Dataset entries
== == ==
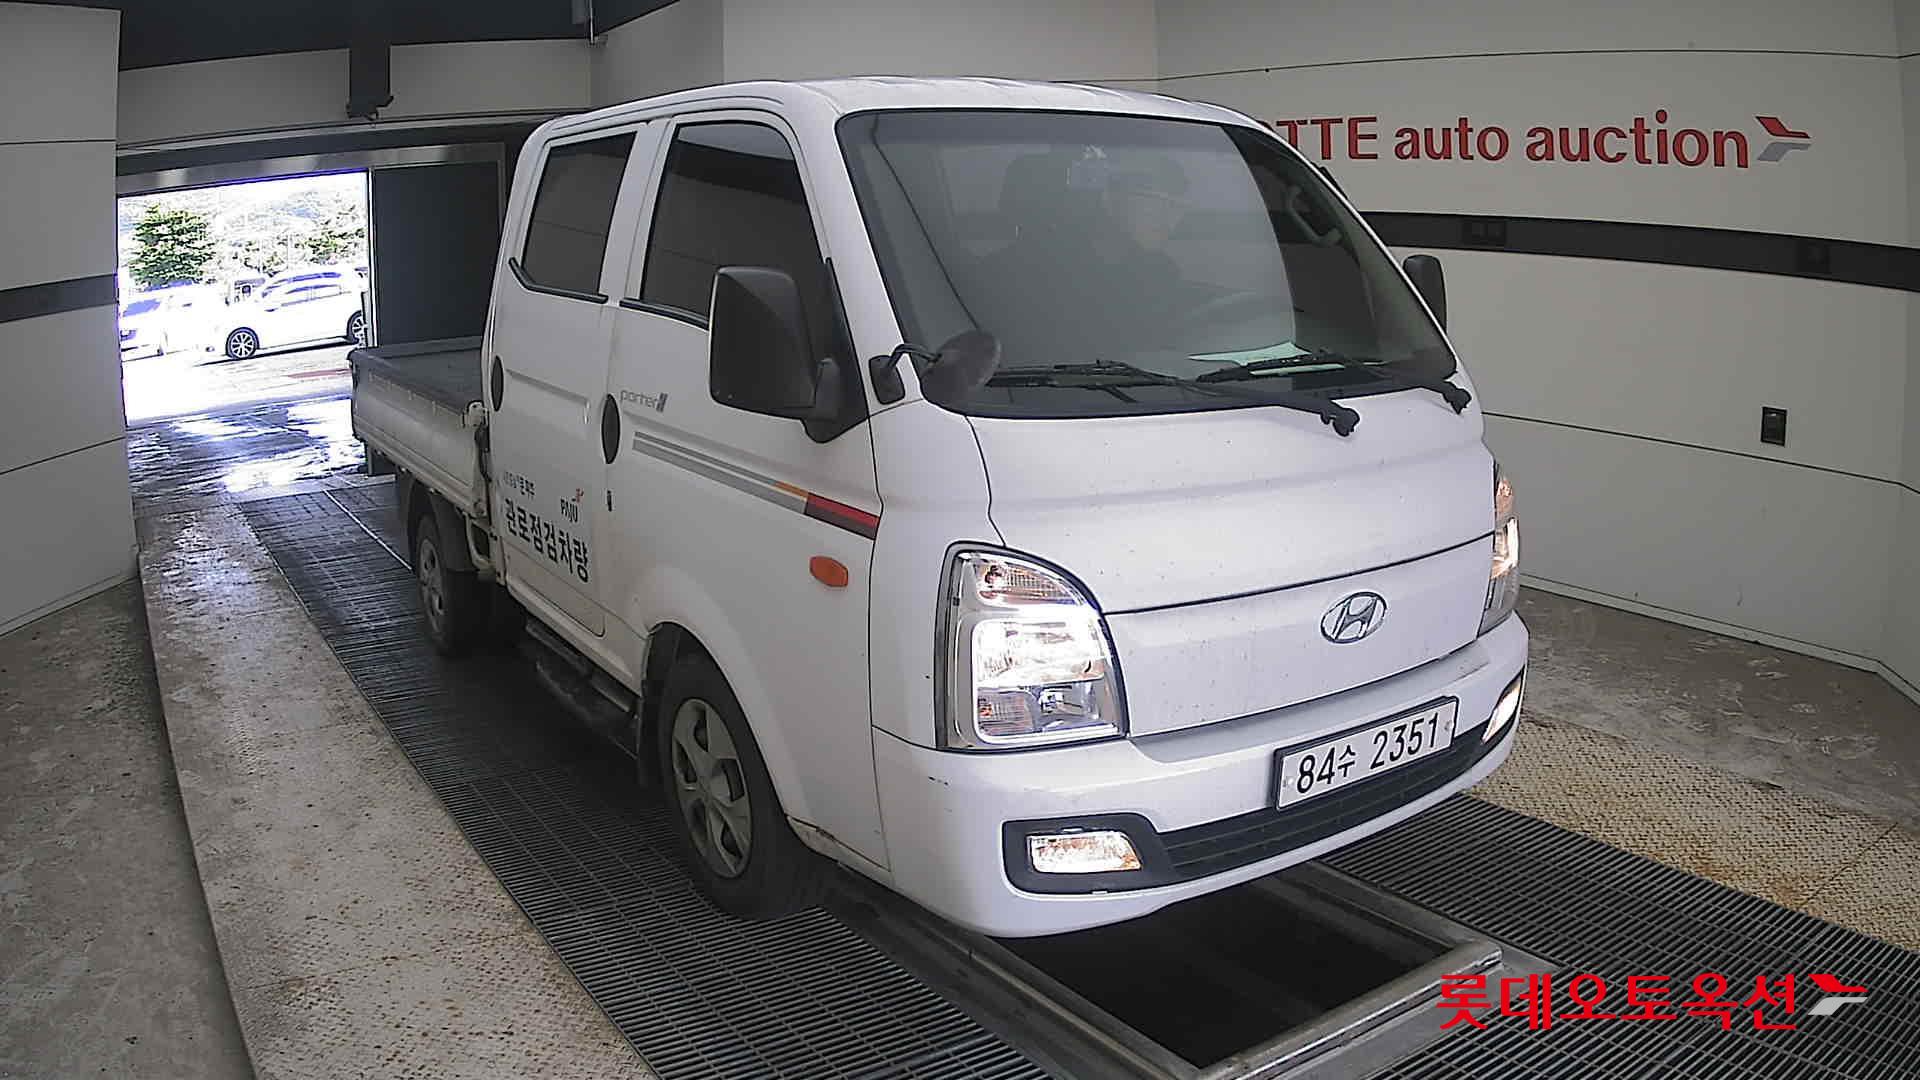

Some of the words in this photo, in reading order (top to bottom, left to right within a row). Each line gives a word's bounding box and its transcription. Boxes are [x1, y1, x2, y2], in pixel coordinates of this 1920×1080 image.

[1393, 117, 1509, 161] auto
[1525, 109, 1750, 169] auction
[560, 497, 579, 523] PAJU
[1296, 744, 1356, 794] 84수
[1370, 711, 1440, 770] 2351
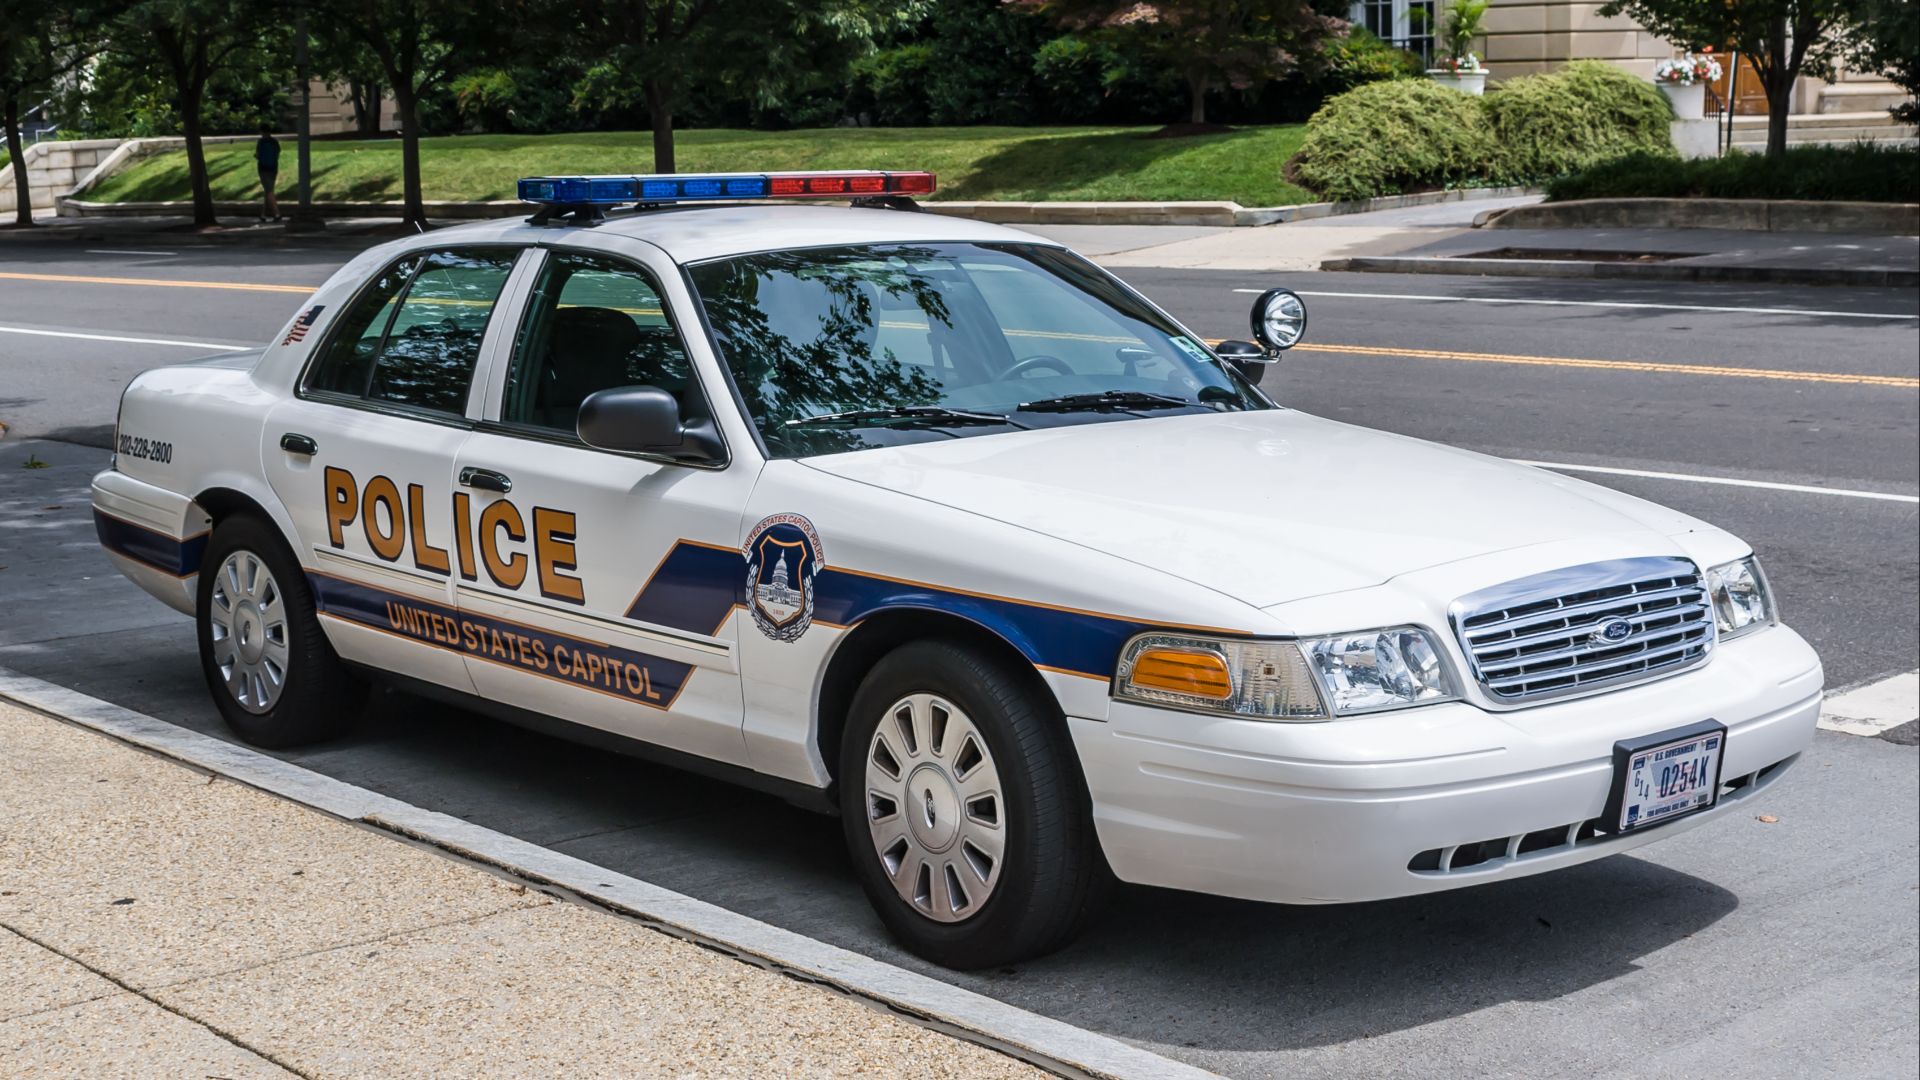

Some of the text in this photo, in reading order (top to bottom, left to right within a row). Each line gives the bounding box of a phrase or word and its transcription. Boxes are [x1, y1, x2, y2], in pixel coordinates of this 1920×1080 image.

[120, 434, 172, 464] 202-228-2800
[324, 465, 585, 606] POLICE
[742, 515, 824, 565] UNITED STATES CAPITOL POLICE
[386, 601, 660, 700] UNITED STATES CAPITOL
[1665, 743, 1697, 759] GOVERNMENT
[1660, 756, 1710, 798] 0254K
== == ==
The output is the records exactly as they read, with no pictures in it.

* _Solution to this problem_
Some of the words in this photo, in reading order (top to bottom, left to right within a row). Each line gives a word's bounding box and its transcription. Boxes are [x1, y1, x2, y2], in pixel coordinates of this 1920×1080 image.

[1393, 117, 1509, 161] auto
[1525, 109, 1750, 169] auction
[560, 497, 579, 523] PAJU
[1296, 744, 1356, 794] 84수
[1370, 711, 1440, 770] 2351

Some of the text in this photo, in reading order (top to bottom, left to right within a row). Each line gives the bounding box of a phrase or word and its transcription. Boxes are [x1, y1, x2, y2], in pixel coordinates of this 1920×1080 image.

[120, 434, 172, 464] 202-228-2800
[324, 465, 585, 606] POLICE
[742, 515, 824, 565] UNITED STATES CAPITOL POLICE
[386, 601, 660, 700] UNITED STATES CAPITOL
[1665, 743, 1697, 759] GOVERNMENT
[1660, 756, 1710, 798] 0254K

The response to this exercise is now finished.